• **WHAT THE TASK REQUIRES**: Reproduce all records verbatim.

----- MATERIAL FOR THE TASK -----

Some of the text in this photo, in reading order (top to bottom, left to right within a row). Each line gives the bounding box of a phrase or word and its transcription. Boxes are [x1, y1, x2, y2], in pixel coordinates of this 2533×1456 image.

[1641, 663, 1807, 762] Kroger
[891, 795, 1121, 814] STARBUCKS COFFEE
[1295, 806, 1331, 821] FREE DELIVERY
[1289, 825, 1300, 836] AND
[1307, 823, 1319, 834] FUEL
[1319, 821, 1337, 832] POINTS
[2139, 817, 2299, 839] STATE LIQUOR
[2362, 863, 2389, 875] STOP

-----

• **RESPONSE TO THIS EXERCISE**:
Some of the text in this photo, in reading order (top to bottom, left to right within a row). Each line gives the bounding box of a phrase or word and its transcription. Boxes are [x1, y1, x2, y2], in pixel coordinates of this 2533×1456 image.

[1641, 663, 1807, 762] Kroger
[891, 795, 1121, 814] STARBUCKS COFFEE
[1295, 806, 1331, 821] FREE DELIVERY
[1289, 825, 1300, 836] AND
[1307, 823, 1319, 834] FUEL
[1319, 821, 1337, 832] POINTS
[2139, 817, 2299, 839] STATE LIQUOR
[2362, 863, 2389, 875] STOP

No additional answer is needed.